## [Exercise]
All of the entries need to be set down exactly as they read.

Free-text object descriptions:
>>>>>

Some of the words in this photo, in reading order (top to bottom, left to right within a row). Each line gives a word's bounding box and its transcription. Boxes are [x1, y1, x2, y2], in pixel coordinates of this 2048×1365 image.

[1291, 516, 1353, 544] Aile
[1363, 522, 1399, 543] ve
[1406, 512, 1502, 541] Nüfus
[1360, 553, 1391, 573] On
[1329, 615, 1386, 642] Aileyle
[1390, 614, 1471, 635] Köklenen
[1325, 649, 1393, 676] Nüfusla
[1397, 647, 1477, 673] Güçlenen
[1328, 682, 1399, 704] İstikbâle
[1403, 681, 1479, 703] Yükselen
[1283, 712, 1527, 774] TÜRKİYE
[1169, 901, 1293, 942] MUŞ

<<<<<

## [Reply to the exercise]
Some of the words in this photo, in reading order (top to bottom, left to right within a row). Each line gives a word's bounding box and its transcription. Boxes are [x1, y1, x2, y2], in pixel coordinates of this 2048×1365 image.

[1291, 516, 1353, 544] Aile
[1363, 522, 1399, 543] ve
[1406, 512, 1502, 541] Nüfus
[1360, 553, 1391, 573] On
[1329, 615, 1386, 642] Aileyle
[1390, 614, 1471, 635] Köklenen
[1325, 649, 1393, 676] Nüfusla
[1397, 647, 1477, 673] Güçlenen
[1328, 682, 1399, 704] İstikbâle
[1403, 681, 1479, 703] Yükselen
[1283, 712, 1527, 774] TÜRKİYE
[1169, 901, 1293, 942] MUŞ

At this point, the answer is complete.